Work order:
Return nothing but the lines from the line containing "this 2212×1659 image." through the last line of the records, reproduced exactly.

___ Records for this exercise

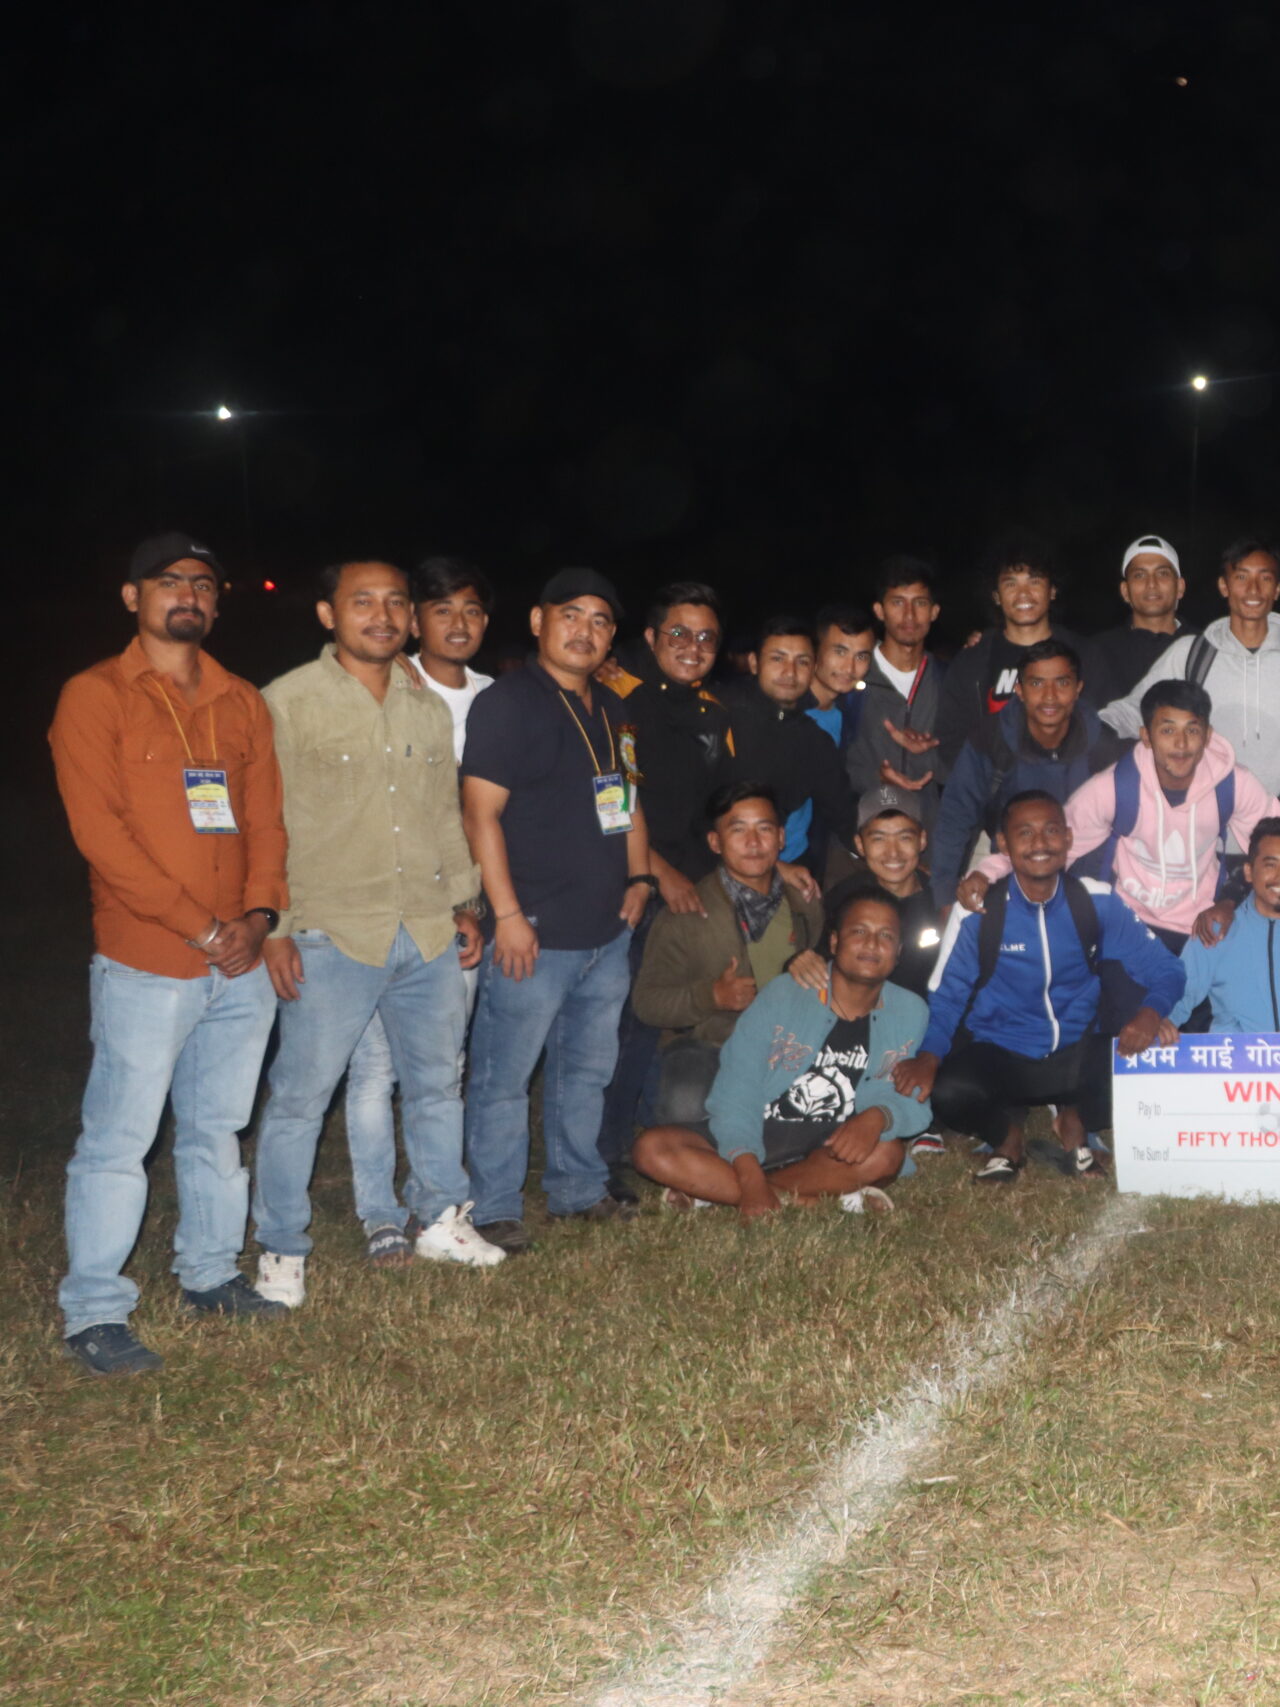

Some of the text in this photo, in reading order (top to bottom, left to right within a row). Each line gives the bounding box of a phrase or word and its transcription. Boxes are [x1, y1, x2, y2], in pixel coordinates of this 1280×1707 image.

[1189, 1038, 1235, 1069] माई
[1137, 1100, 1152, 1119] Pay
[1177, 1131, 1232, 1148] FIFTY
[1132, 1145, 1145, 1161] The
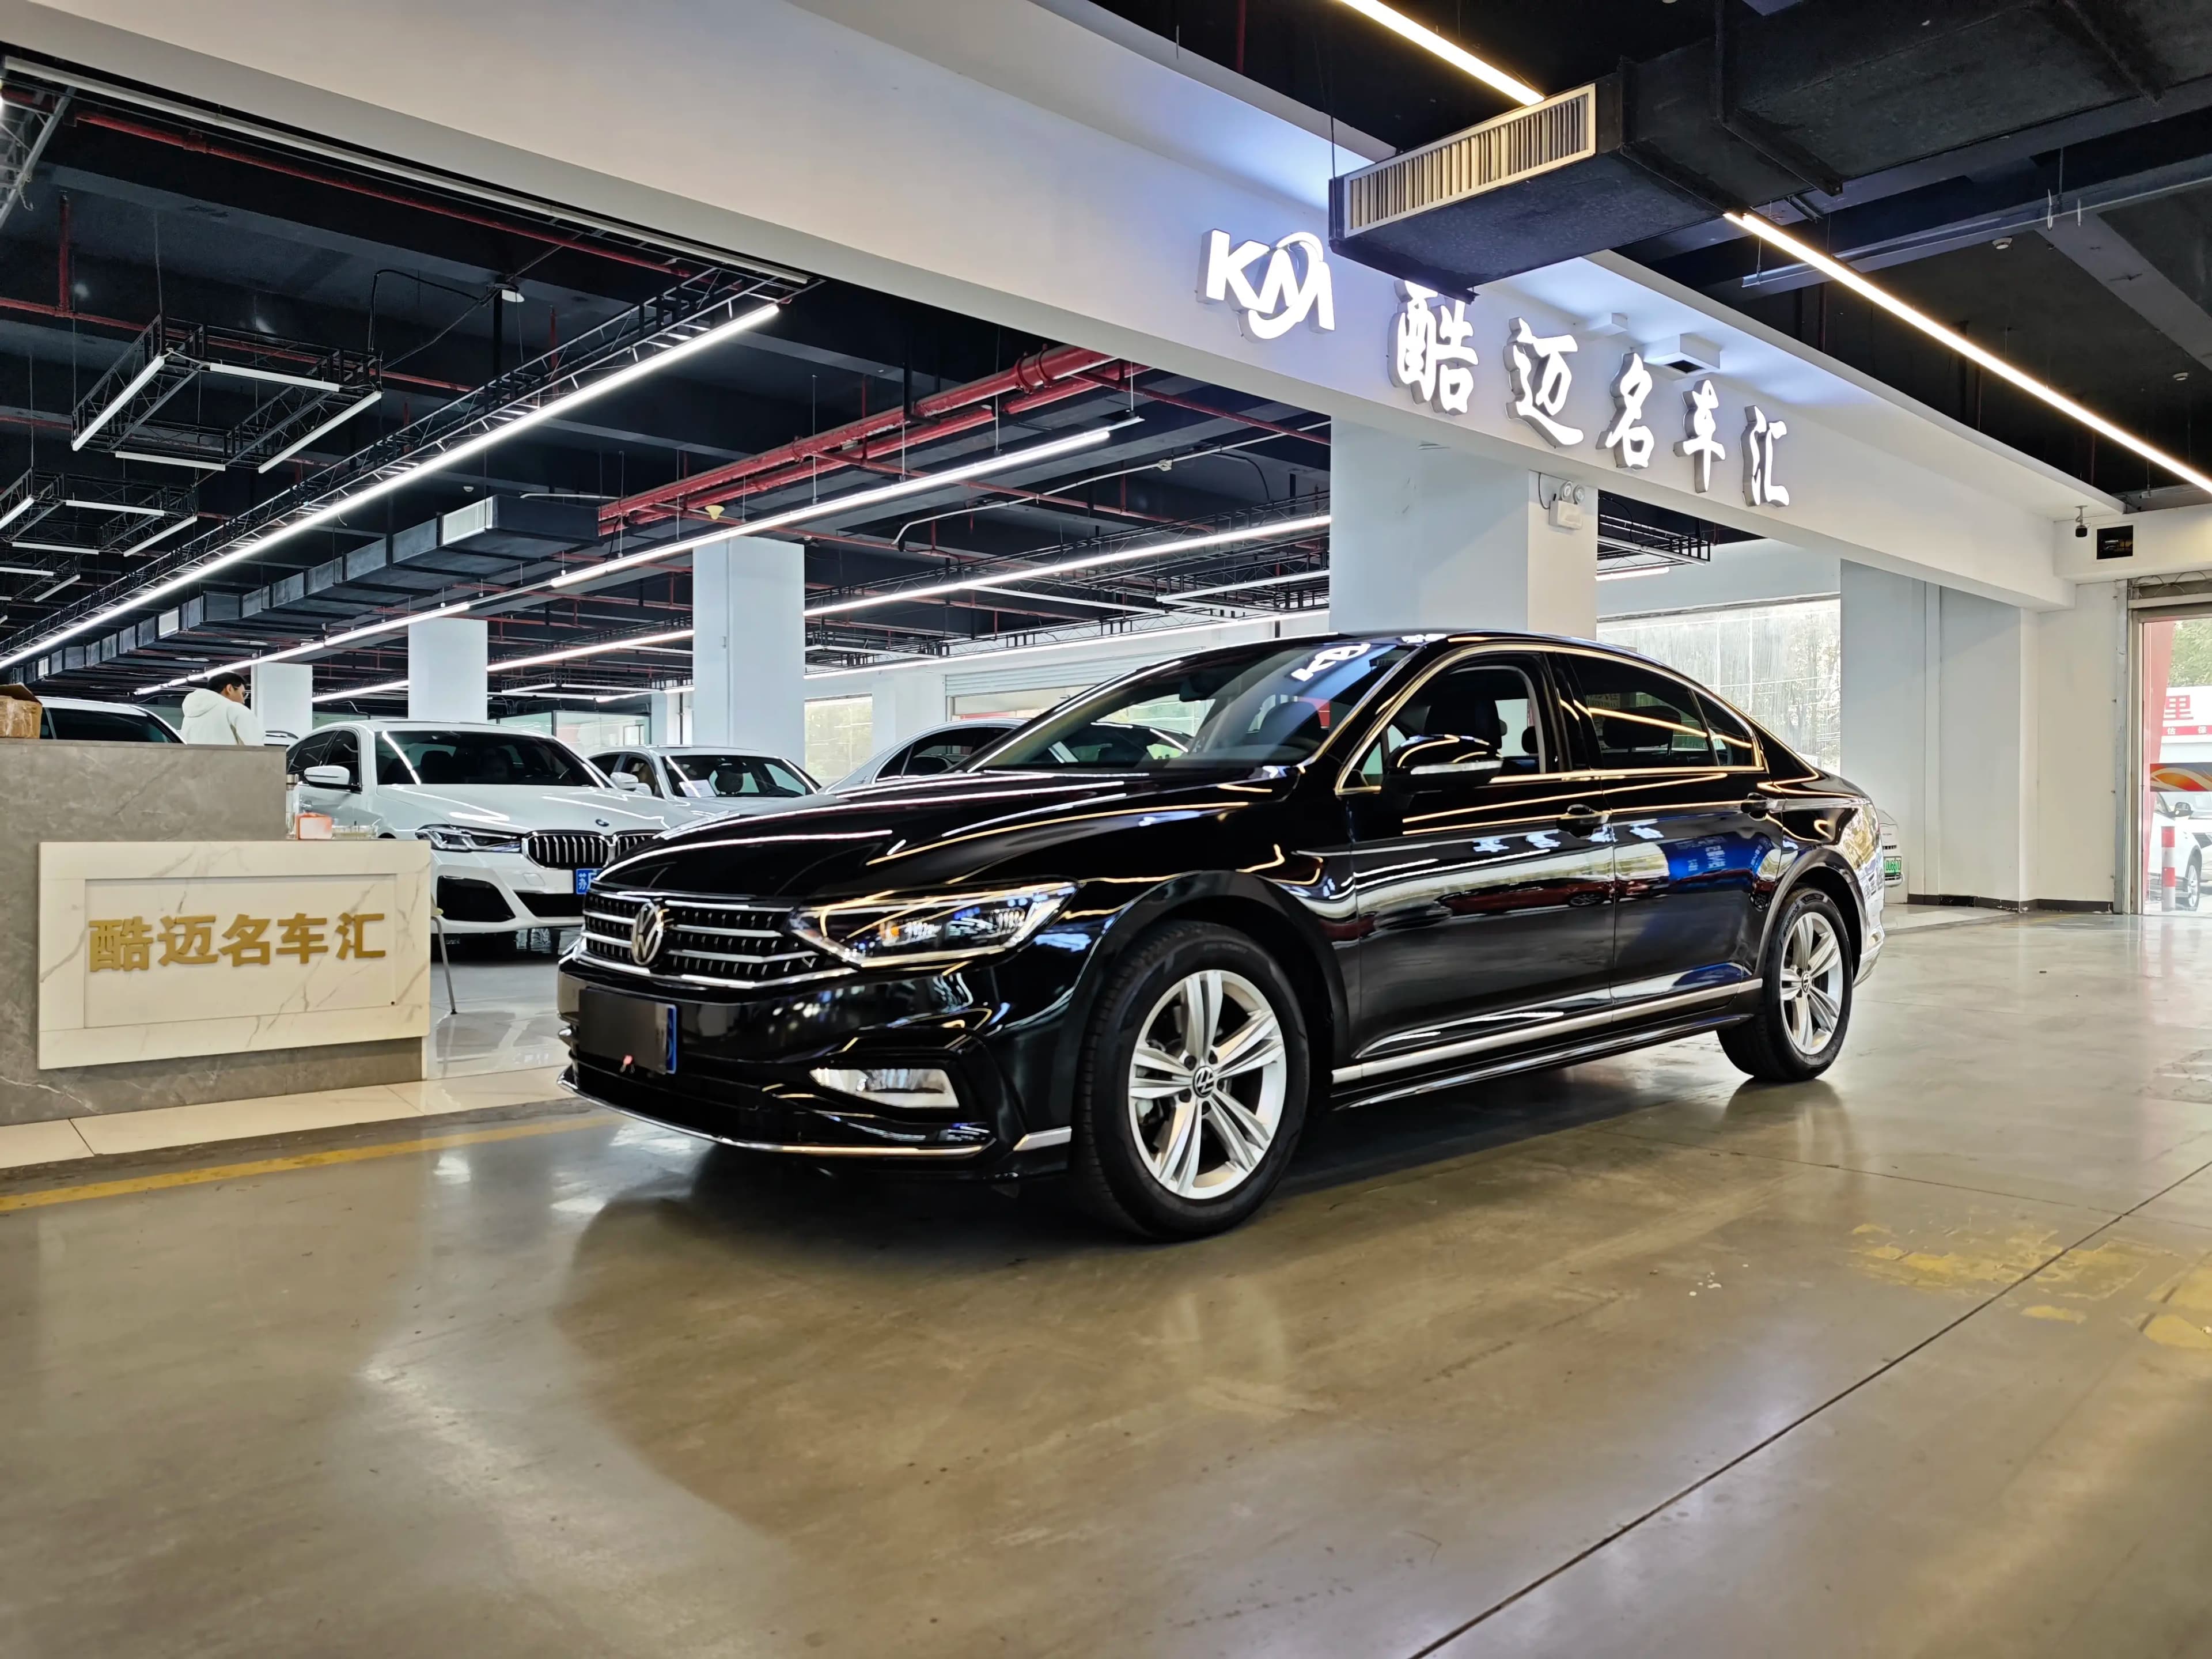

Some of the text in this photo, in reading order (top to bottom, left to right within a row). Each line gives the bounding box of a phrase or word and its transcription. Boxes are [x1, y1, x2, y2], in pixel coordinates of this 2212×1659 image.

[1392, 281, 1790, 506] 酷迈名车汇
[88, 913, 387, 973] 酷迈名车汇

______

Output of the task:
Some of the text in this photo, in reading order (top to bottom, left to right within a row). Each line gives the bounding box of a phrase or word and its transcription. Boxes are [x1, y1, x2, y2], in pixel coordinates of this 2212×1659 image.

[1392, 281, 1790, 506] 酷迈名车汇
[88, 913, 387, 973] 酷迈名车汇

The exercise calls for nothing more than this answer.